The PGA Championship
Tiger Woods spend more time in the long grass than he wanted at the PGA Championship.
Tiger Woods spend more time in the long grass than he wanted at the PGA Championship. (Photo: Getty Images)

Out of the Woods

After his worst showing ever in a major, Tiger searches for answers as long off-season awaits

ROCHESTER, New York (AP) -- Tiger Woods was on the practice green about an hour before his final round in the PGA Championship when he looked over at a large clock.

"I'm playing so early, I can get home and watch the finish," he said.

Majors used to end with Woods at the closing ceremony, not on his couch.

He usually hoisted a trophy, smiled for the cameras and answered questions about his quest to win more major championships than the record 18 belonging to Jack Nicklaus.

Now he's finishing early enough to fly home to Florida and camp out in front of the television while someone else comes up with a winning shot that will be talked about for years.

No one could have imagined that Shaun Micheel, who was No. 169 in the world ranking and whose best tournaments were the ones Woods didn't play, would win more majors this year.

Ditto for Ben Curtis.

Not many would have ventured that Woods would be shut out of the Grand Slam for the first time since 1998, or that his drought would reach six majors.

"I just haven't gotten it done," Woods said. "That's part of playing."

It's still too early to call it a slump. Woods has won four times this year, and Nicklaus went twice as many majors without winning in his prime.

Still, the results alone are difficult to ignore.

The PGA Championship was his worst major since he turned pro. Woods tied for 39th at 12-over-par 292, a whopping 16 shots behind Micheel. He shot over par all four rounds, only the third time that has happened in a major. He averaged a bogey every four holes.

For the season, Woods was 18 over par in the majors. For the first time in his career, he failed to finish under par in any of the Grand Slam events.

After closing with a 73 in the final round at Oak Hill, Woods walked down a brick path toward the scoring room and told a small group of reporters that the "suffering is over."

It wasn't clear if he was talking about Oak Hill or 2003.

"You're going to have a couple months that you're going to play poorly," said Adam Scott of Australia, who often plays morning practice rounds with Woods.

"When he doesn't play well, he's 18 over par in the majors for one year," Scott said. "When other guys don't play well, it's usually 40 or 50 over par."

Trouble is, Woods isn't compared with anyone but himself. Expectations are higher for him than any other player -- perhaps any other in history.

Still, the PGA Championship revealed plenty of problems.

Putting usually determines whether Woods has a chance to win -- sometimes, it's a question of how much. This time, it only kept bad scores from being worse.

"Every putt I had inside 10 feet, I pretty much buried," Woods said. "But most of those were pars.

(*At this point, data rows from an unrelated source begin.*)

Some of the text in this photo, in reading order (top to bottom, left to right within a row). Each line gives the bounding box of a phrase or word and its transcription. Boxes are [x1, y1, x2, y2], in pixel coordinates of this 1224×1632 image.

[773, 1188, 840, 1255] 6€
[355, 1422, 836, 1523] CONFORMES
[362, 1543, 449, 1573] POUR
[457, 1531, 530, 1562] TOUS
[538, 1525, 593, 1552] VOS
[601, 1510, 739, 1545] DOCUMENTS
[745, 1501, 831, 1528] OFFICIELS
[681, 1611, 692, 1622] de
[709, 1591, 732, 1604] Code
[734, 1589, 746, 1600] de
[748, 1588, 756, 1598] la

I putted great just to make the cut."

His biggest issue was getting the ball in play, no matter what driver was in his hands. And Woods rarely hit the ball the right distance.

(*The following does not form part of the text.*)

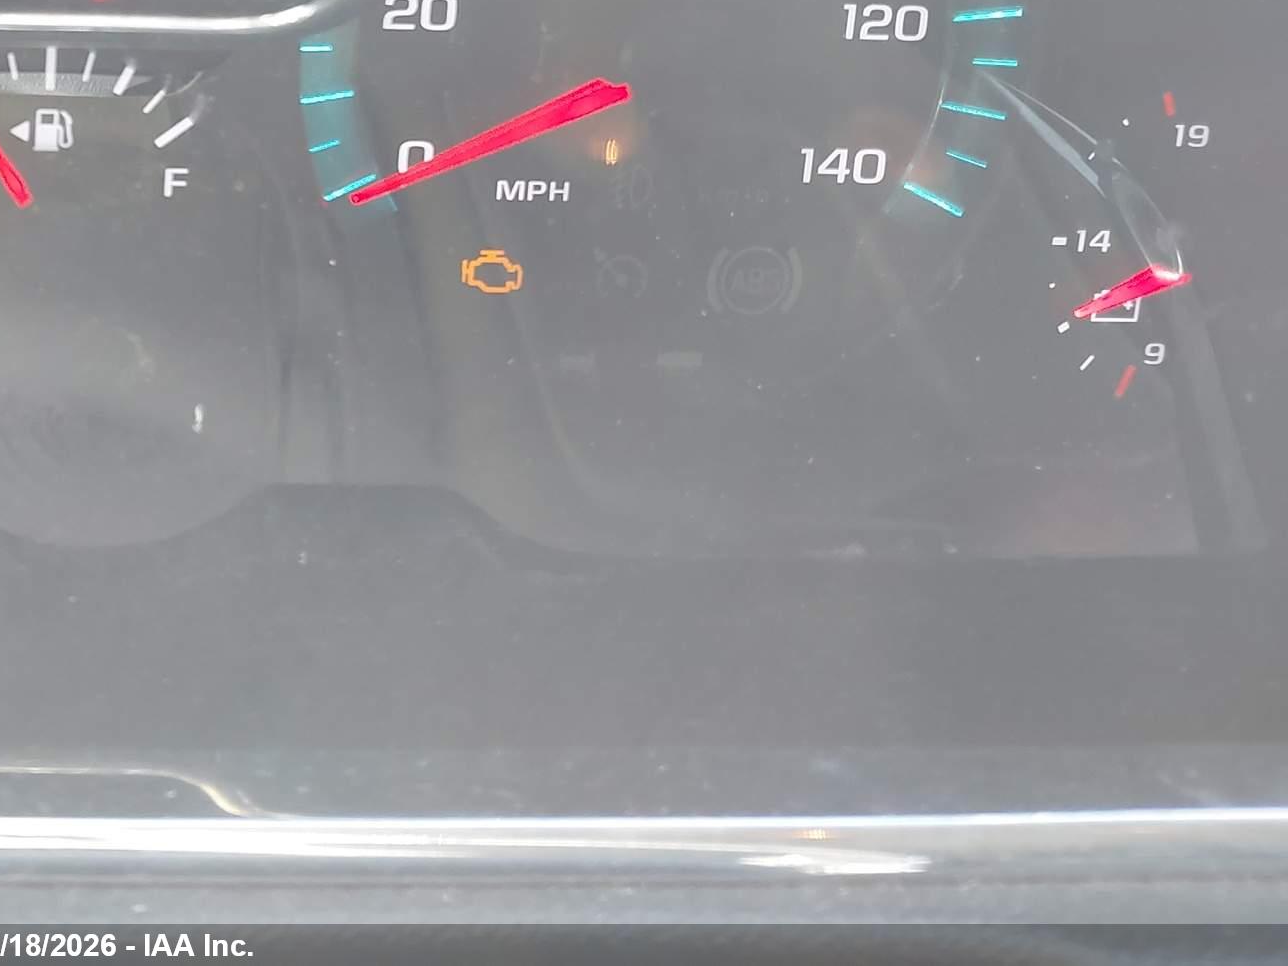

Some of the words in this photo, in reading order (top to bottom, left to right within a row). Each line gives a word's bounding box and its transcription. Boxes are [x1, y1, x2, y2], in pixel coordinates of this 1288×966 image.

Woods hasn't seen Butch Harmon since early this year when he was getting ready to return to the PGA Tour from knee surgery. If that has become a problem, Woods isn't letting on.

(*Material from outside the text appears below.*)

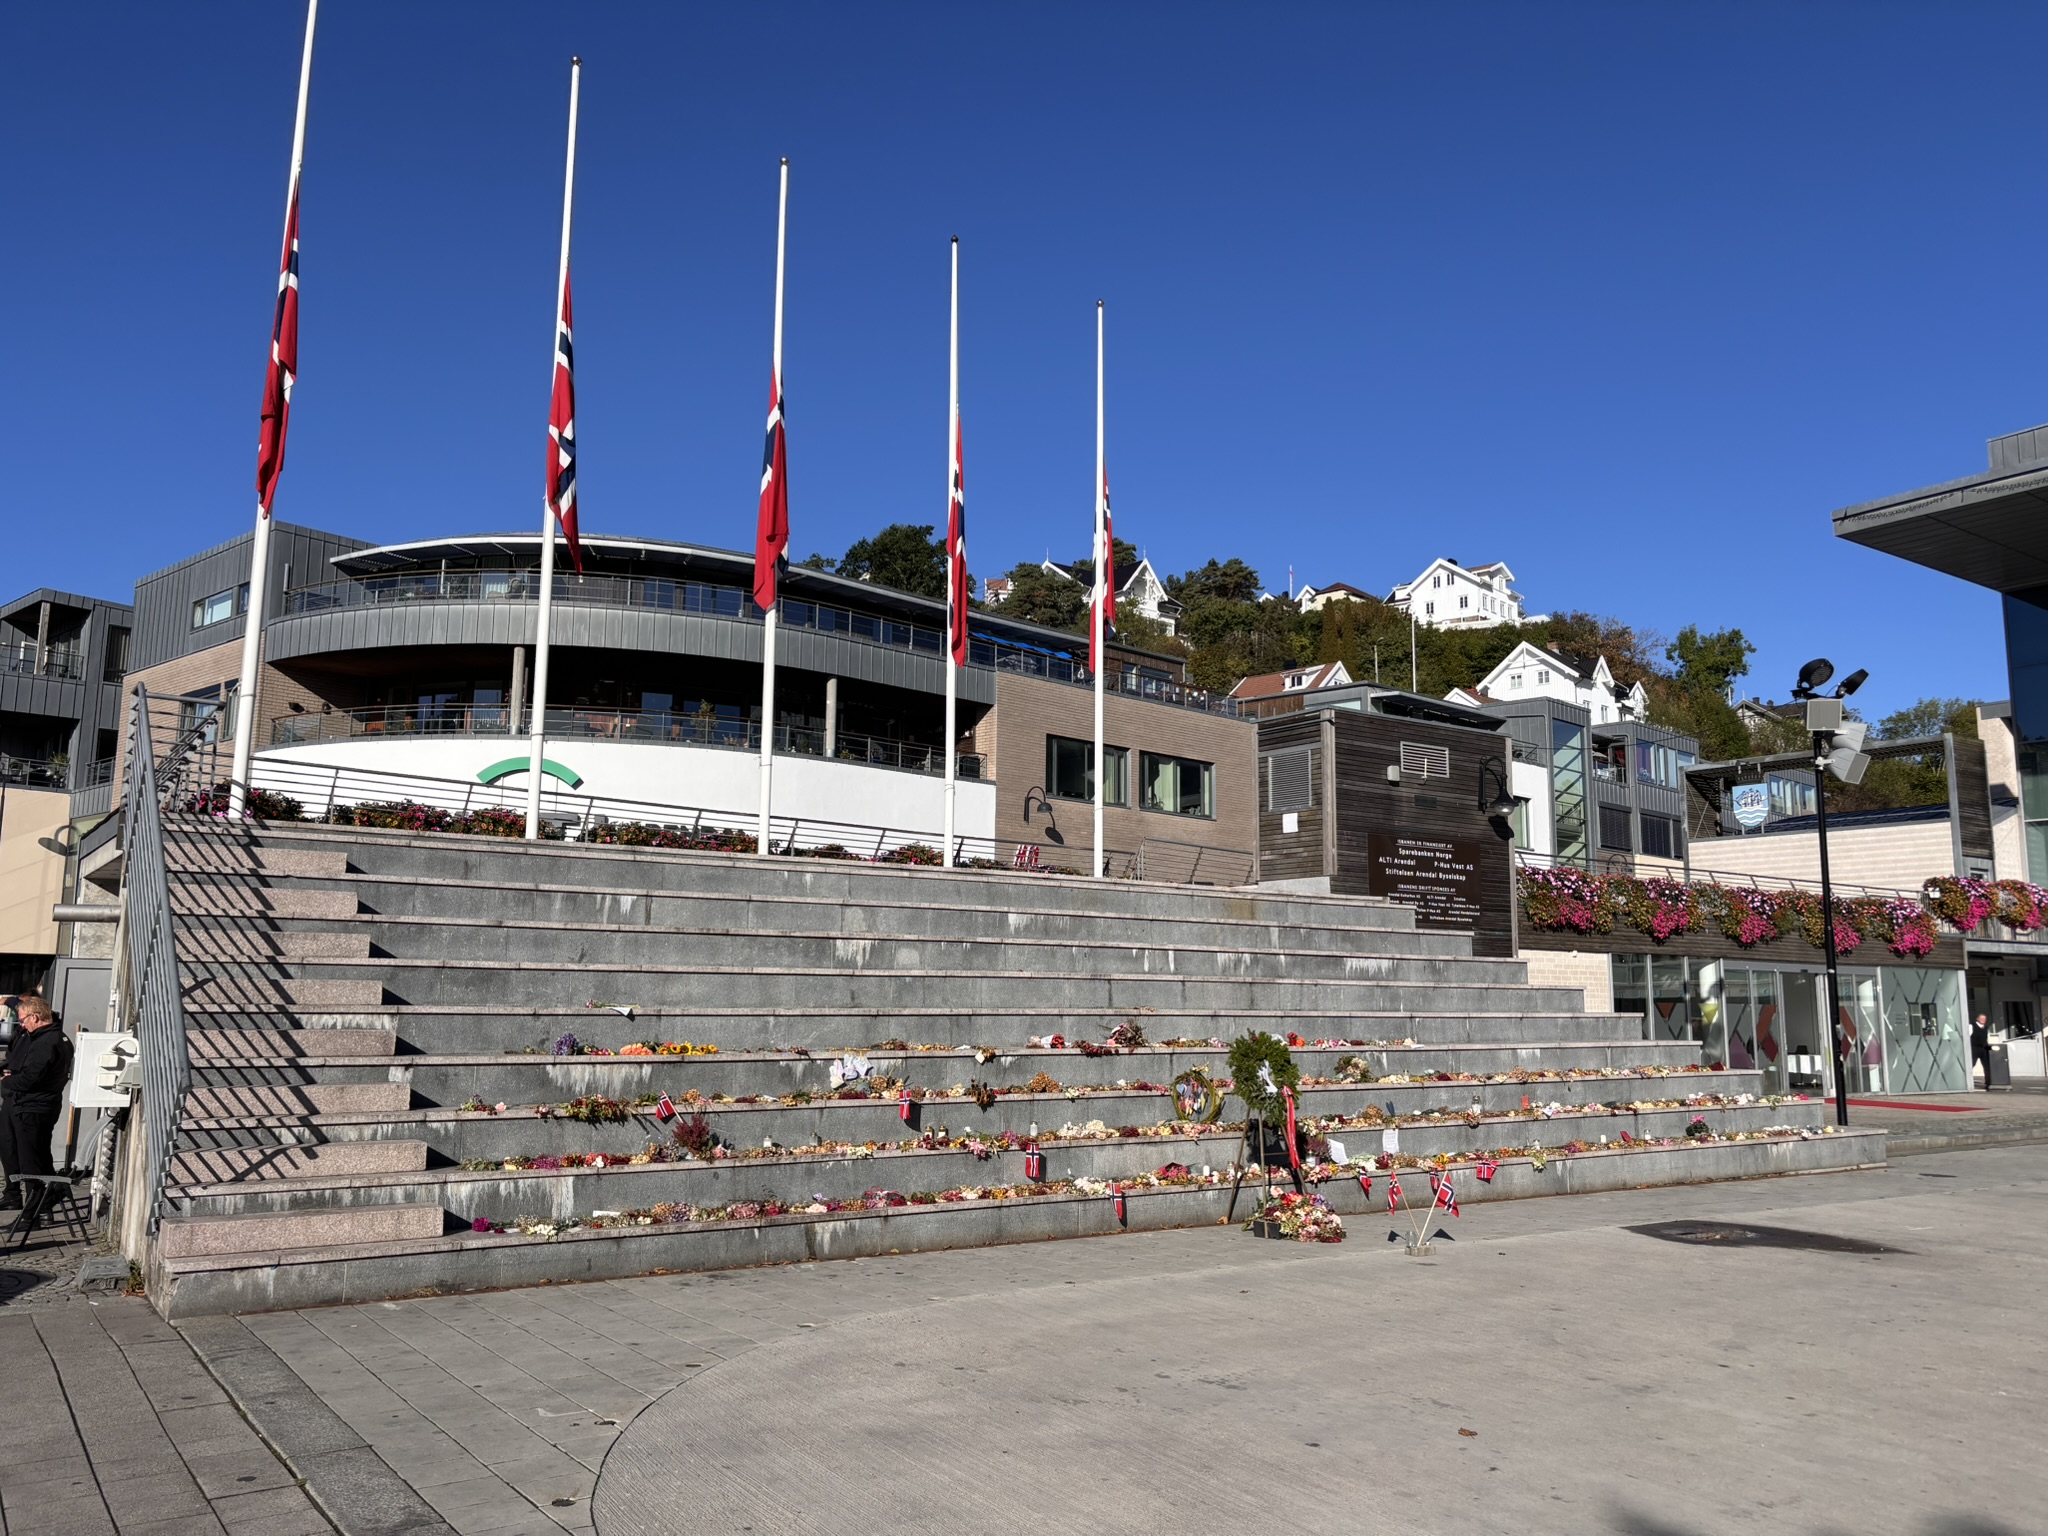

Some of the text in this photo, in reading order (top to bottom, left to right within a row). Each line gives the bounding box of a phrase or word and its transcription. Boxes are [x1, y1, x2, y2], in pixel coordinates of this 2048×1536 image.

"I know my swing," he said in the locker room after the third round.

He set down a large box of shoes, then demonstrated his swing over and over -- the arms coming down into the shot and matching the turn of his hips. If his hips rotate too quickly, his arms lag behind and he has to compensate.

"I'm just not matching up," Woods said. "My arm speed, my body speed ... it's just not quite there."

It wasn't a problem in 2000, when Woods played the four majors in 53 under par and won three of them. It wasn't a problem the first half of last year, when he won the Masters and U.S. Open to give him seven majors in the last 11 played.

"It's a feeling," Woods said. "And once you've found it, you just carry it with you the rest of the trip. Now, it goes in stretches."

Asked when he last felt this uncomfortable over the ball, Woods smiled.

"This year," he said. "The Buick Open (a tie for second). The Western Open, which I won because I made everything. I hit it really good at the British, I just couldn't make a putt on the back nine."

The PGA Championship behind him, Woods looked ahead to the final three months of the season that include two World Golf Championships, a new $5 million tournament outside Boston that ends on Labor Day, the season-ending Tour Championship.

"You've got so many big events coming up," he said.

The words rang hollow because none of those tournaments is a major. None will get him closer to Nicklaus' record. Woods is stuck on eight majors.

And he already was bracing for seven months of questions about the majors.

"The guy is still a freak," Scott said. "And he'll get his swing thought out. You just don't hit it good all the time."

Woods found that out the hard way this year.

The last time he finished a year without a major, he was still working through an overhaul of his swing. He contended in the '98 majors more often than he did in 1997, when he won his first major at the Masters with a 12-stroke victory.

Things were different then.

"At the time, I had won only one major," he said. "It wasn't like I had won a whole bunch of majors and had expectations like I do now."